I think the reason for the mixed messages re: #2 is that different
type theories have different rules for judgmental equality.  If the
only rules for judgmental equality are "directed" ones like
beta-reduction, then (assuming a normalization result) to check
equality it generally suffices to reduce two terms to normal form and
compare the normal forms.  But if there are also other rules for
judgmental equality, like eta-conversion, that are difficult to
formulate in a "directed" way, then you generally need a fancier
equality-checking algorithm.  And some rules for judgmental equality,
like equality reflection in ETT, prevent there from being any
algorithm at all.

The HoTT Book assumes eta-conversion, so simple reduction to normal
forms is probably not sufficient.  There are well-understood
algorithms for equality-checking in MLTT with eta (generally built on
ideas like https://ncatlab.org/nlab/show/bidirectional+typechecking);
but Book HoTT also adds judgmental computation rules for
point-constructors of HITs, and while it seems intuitive that those
should be regarded as beta-reduction-like, I'm not aware that anyone
has precisely formulated an equality-checking algorithm for Book HoTT.

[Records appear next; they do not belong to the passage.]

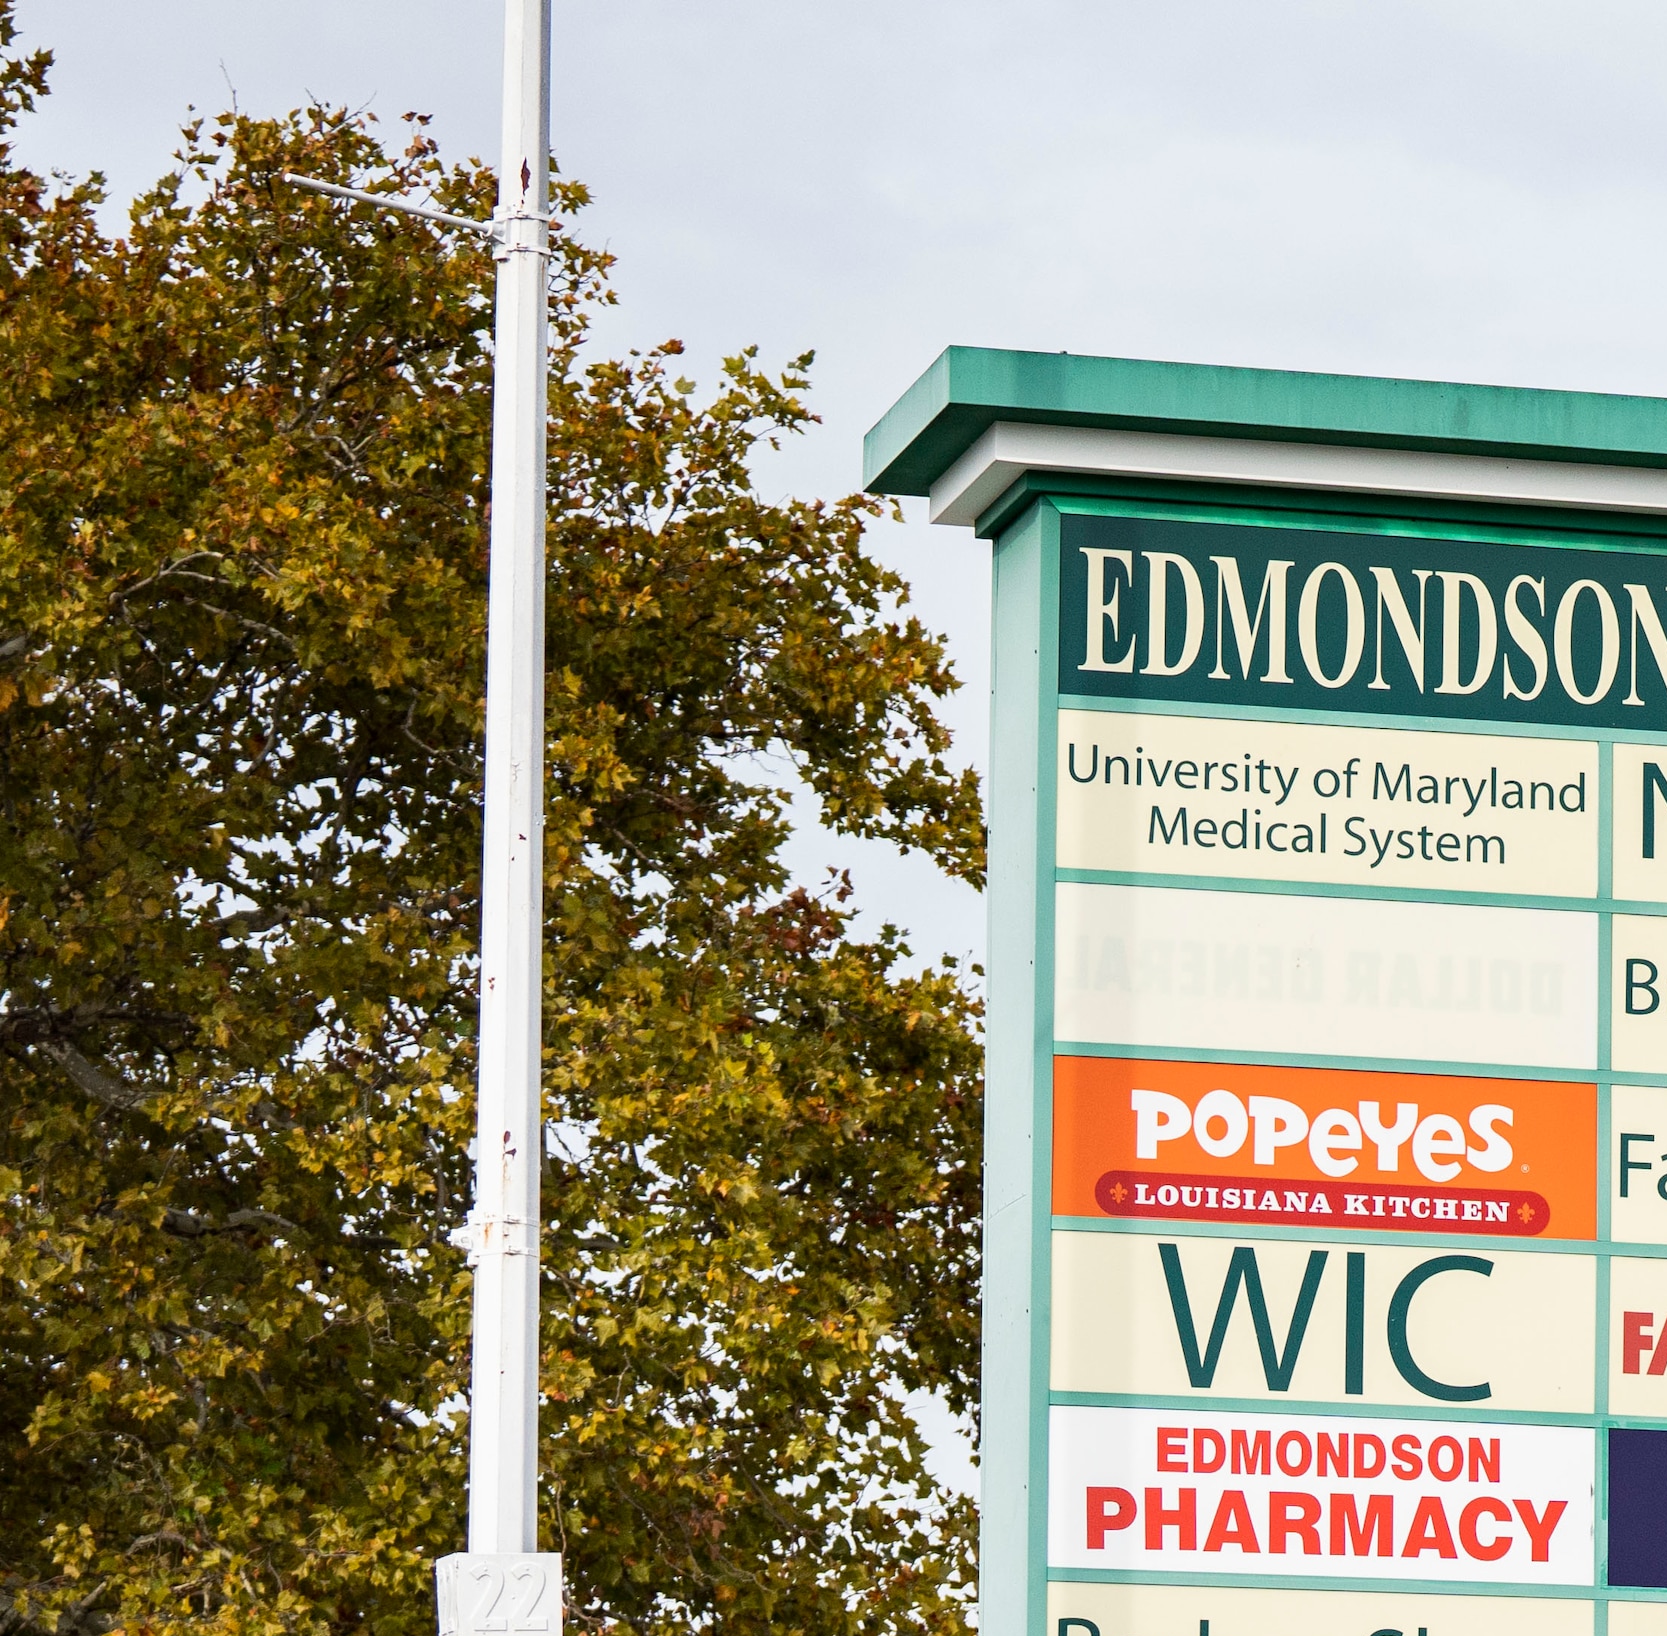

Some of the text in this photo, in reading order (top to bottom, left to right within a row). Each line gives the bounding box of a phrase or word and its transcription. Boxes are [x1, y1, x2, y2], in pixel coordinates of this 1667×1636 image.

[1069, 743, 1585, 816] University of Maryland
[1149, 806, 1504, 868] Medical System
[1135, 1184, 1511, 1223] LOUISIANA KITCHEN
[1157, 1243, 1495, 1402] WIC
[1157, 1427, 1500, 1483] EDMONDSON
[1086, 1487, 1568, 1562] PHARMACY
[469, 1560, 549, 1632] 22
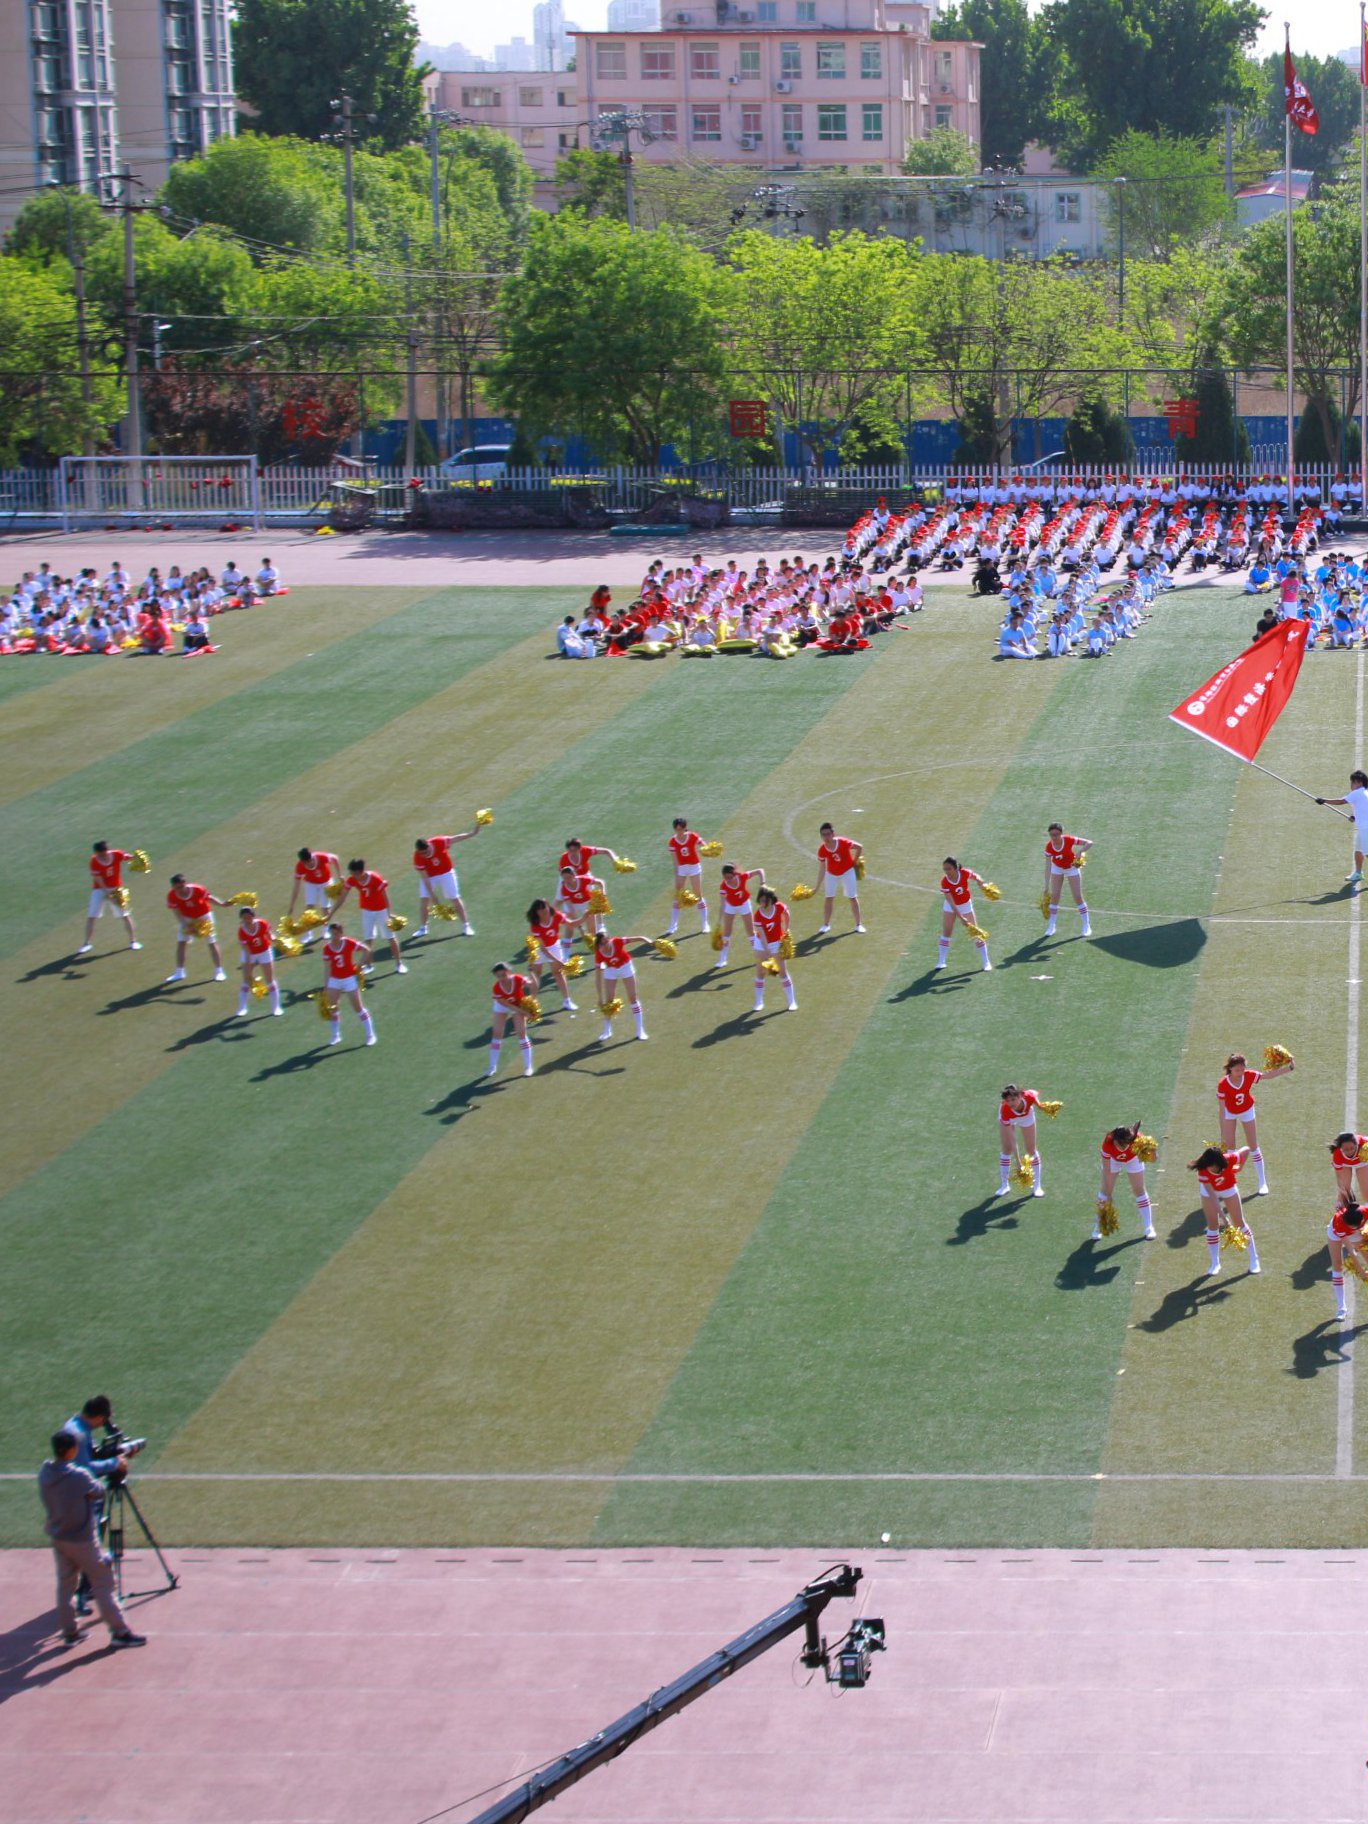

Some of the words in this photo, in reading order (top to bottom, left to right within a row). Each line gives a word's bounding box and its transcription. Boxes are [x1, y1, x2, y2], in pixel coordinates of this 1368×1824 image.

On Thu, Jun 20, 2019 at 4:11 PM Nathan Carter <nathancarter5@gmail.com> wrote:
>
>
> Thank you all (Thorsten, Ali, Michael, and some folks off-list, too) for the helpful responses.  I'll try to summarize here to be sure I've understood.  Please feel free to correct anything I say incorrectly.
>
> 1. Regarding ETT
> People mentioned the loss of important computational properties if one adopts ETT, and I can certainly see why that would be a big deal.  While the subtleties relating 0-truncation, UIP, K, and reflection rules are not 100% clear to me, I at least have a high-level intuition, which is what I want at this point.
>
> 2. Decidability of judgmental equality
> I got seemingly (to me?) conflicting answers.  One person off-list and one on-list said (I think) that applying all possible beta reductions and symbol definitions would be sufficient to decide judgmental equality; another said that this is not the case (again, I think).  But I was given a reference to a paper, so I can find out more on my own.
>
> 3. Numbers as universe indices
> The responses showed that my question wasn't clear.  Saying something like "from pi types you can do all the things" was sloppy.  I was trying to express that, once you've defined pi types, you've (a) learned the rules about substitution, capture, etc., plus (b) encountered the principles by which types are defined in general (which I have other questions about...but later).  And from those two things, you can do lots of stuff.
> Several folks said that "the natural numbers" is an overstatement, since successor and maximum are enough; responses suggested various things simpler than N that have these.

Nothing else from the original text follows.